Я провожу пальцем по клавишам. Я будто слышу, как моя бабушка стучит по ним. Затем изучаю черный резиновый валик, который перемещает страницу. Клавиши оставляют после себя небольшие вмятины. Если бы это был компьютер, я бы могла порыться в его жестком диске, но здесь невозможно прочитать ни слова. Нельзя определить, что было напечатано и когда.
— Что ты знаешь такое, чего не знаю я? — шепчу я машинке, пока роюсь в ящиках. В стойке ничего нет, кроме набора ручек и карандашей, пожелтевшей бумаги для печати, упаковки копировальной бумаги и полоски пленки-корректора, белоснежно-матовой с одной стороны и липкой с другой. На верхнем листе, кажется, есть отпечатки букв. Держа листок на свет, я легко могу разобрать: «Бульвар Пальметто, Эдисто-Айленд...»
Похоже, моя бабушка печатала на машинке письма, по, случайно или намеренно, не оставила после себя никаких следов. Нет черновиков, копировальная бумага девственно чиста, ни одного отпечатка букв на ней мет. И это очень странно, потому что на ее домашнем рабочем столе всегда лежала папка с черновиками, чистые стороны которых можно было использовать для небольших проектов, поделок или рисунков.
Я нажимаю на клавишу пишущей машинки и смотрю, как молоточек ударяет по ролику, оставляя после себя только слабый, поблескивающий след буквы «К». Чернила на ленте совсем высохли.
Лента...
Я испытываю прилив энтузиазма и, склонившись над черным металлическим корпусом, пытаюсь снять его, чтобы добраться до катушки с лентой. К несчастью, лента почти новая. Всего на нескольких дюймах видны следы букв, которые были напечатаны. Я разматываю ленту, поднимаю ее к свету и прищуриваюсь, чтобы разглядеть надпись:
Сначала все это кажется мне бессмыслицей, но я достаточно долго пробыла у бабушки, чтобы знать, как работает пишущая машинка. Лента прокручивается, когда человек ударяет по клавишам. Буквы должны выстраиваться в определенном порядке.
И первые идужД в верхней строчке сразу обретают смысл: «Джуди». Имя бабушки запечатлено задом наперед, справа налево, так что на листе бумаги оно будет читаться правильно. Из общей мешанины букв в середине выстраивается еще одно слово — «Теннесси» — сразу после точки, то есть перед ней.

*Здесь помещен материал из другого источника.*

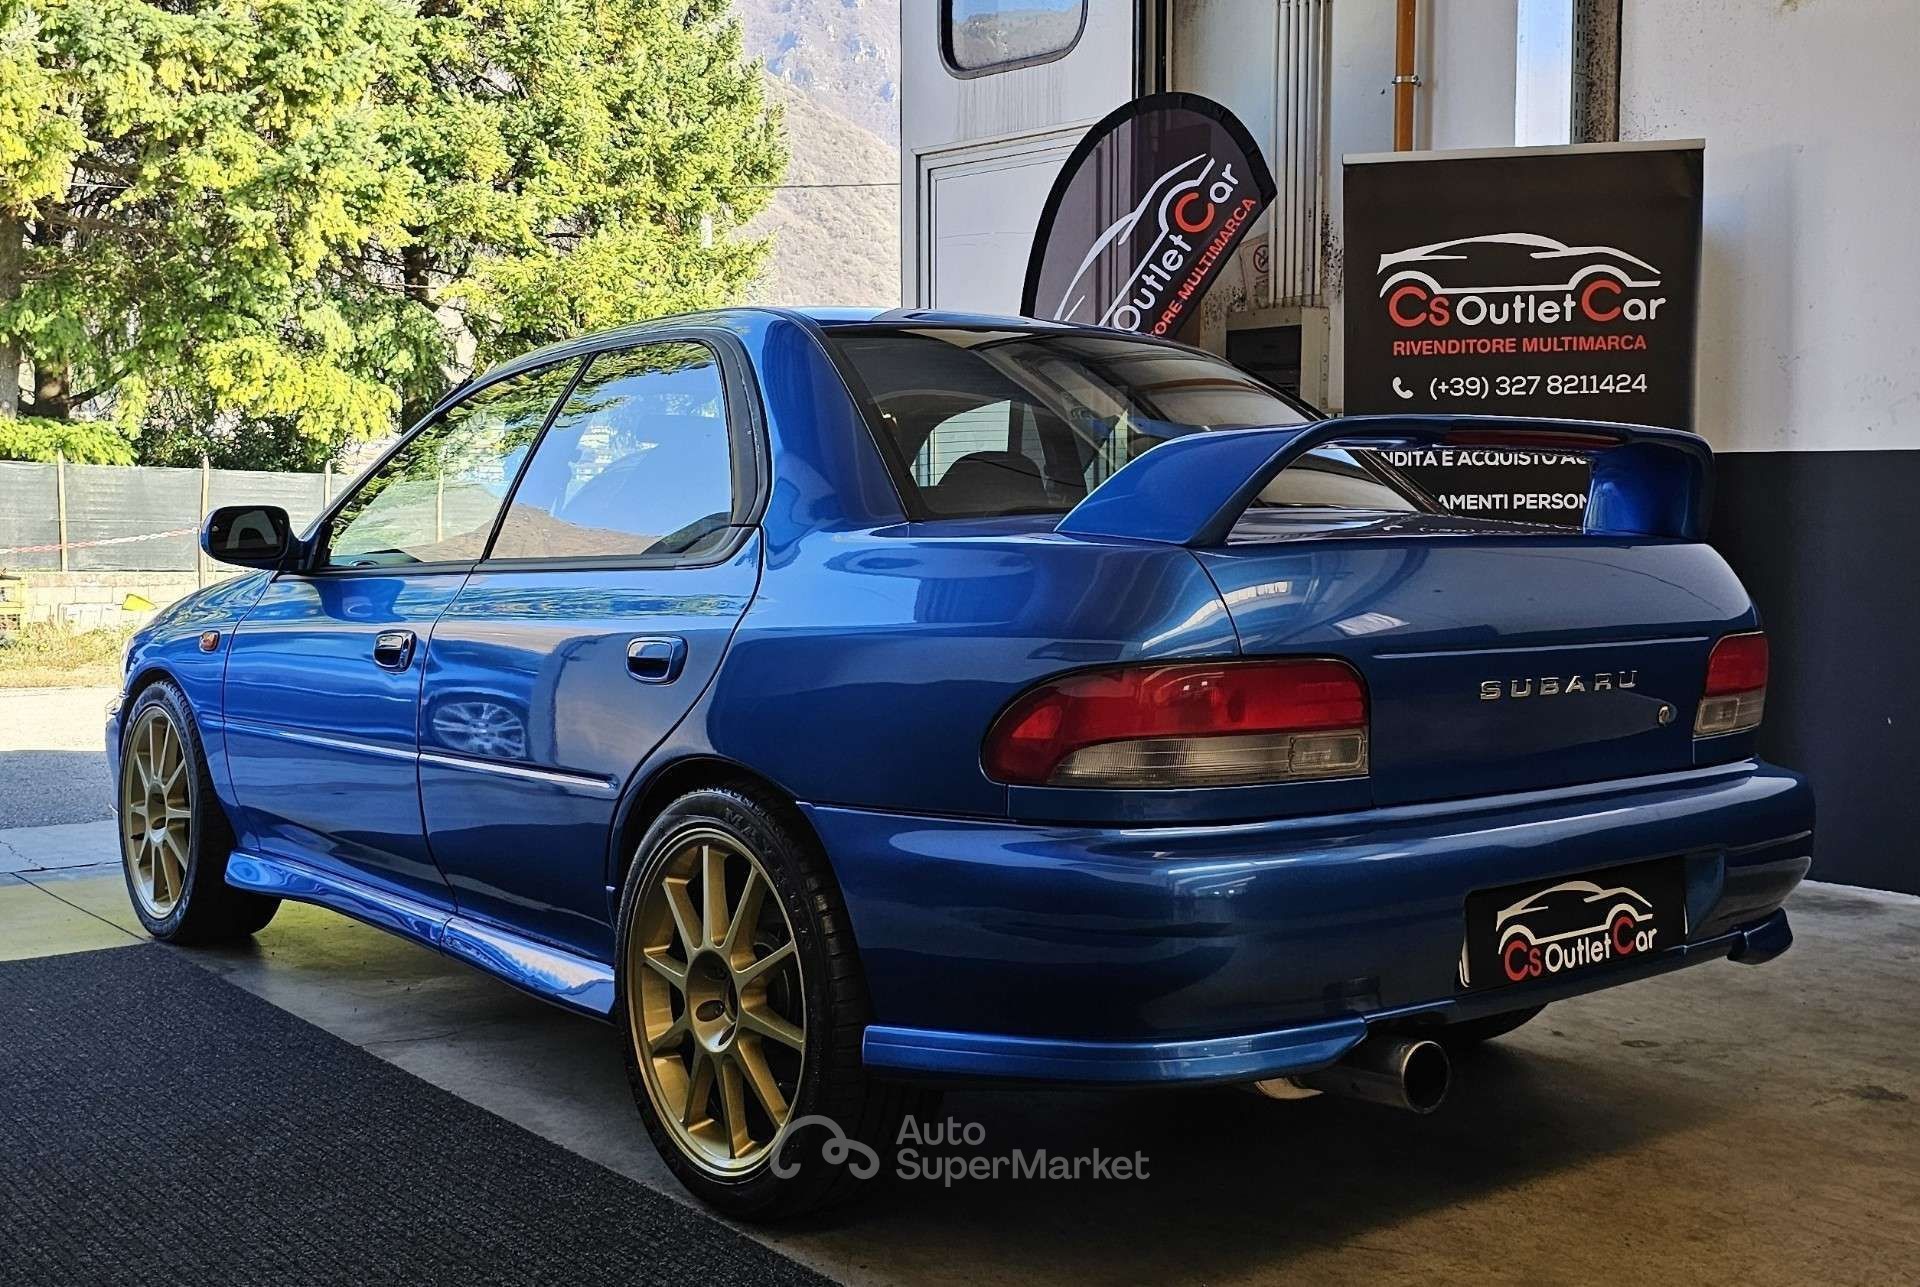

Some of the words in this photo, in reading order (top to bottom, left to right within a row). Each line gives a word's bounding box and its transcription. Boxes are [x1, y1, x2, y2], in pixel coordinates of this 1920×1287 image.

[1151, 299, 1183, 336] ORE
[1178, 198, 1257, 300] MULTIMARCA
[1393, 337, 1516, 356] RIVENDITORE
[1522, 335, 1647, 353] MULTIMARCA
[1429, 376, 1489, 400] (+39)
[1495, 376, 1540, 395] 327
[1546, 373, 1648, 395] 8211424
[1381, 451, 1439, 467] NDITA
[1442, 451, 1454, 467] E
[1438, 494, 1508, 510] AMENTI
[1480, 670, 1638, 700] SUBARU

Ему предшествует еще слово, начинающееся с прописной буквы, и начиная с него я составляю фразу: «Общество детских домов Теннесси».
Я беру карандаш и бумагу и разбираюсь с прочими отпечатками.
Я смотрю на слова, которые сама только что написала, и пытаюсь вникнуть в их смысл. В детские дома помещают сирот и малышей, чтобы затем найти им новых родителей. Молодая женщина на фотографии Мэй Крэндалл беременна. Не может ли она оказаться родственницей бабушки, которая попала в неприятное положение?
В моем воображении оживает история: мечтательная девушка из хорошей семьи, мужчина с сомнительной репутацией, скандальное бегство и тайный брак или даже хуже — сожительство без свадьбы. Внебрачная беременность. А потом кавалер бросил ее, и ей пришлось вернуться в семью?
В те времена совершивших ошибку девушек отсылали из дома, чтобы они родили ребенка и тихо отдали его на усыновление. Даже сейчас женщины из социального круга моей матери иногда шепчутся о дочерях знакомых, которым пришлось на некоторое время «уехать к тете». Не исключено, что подобные сведения скрывает и Трент Тернер...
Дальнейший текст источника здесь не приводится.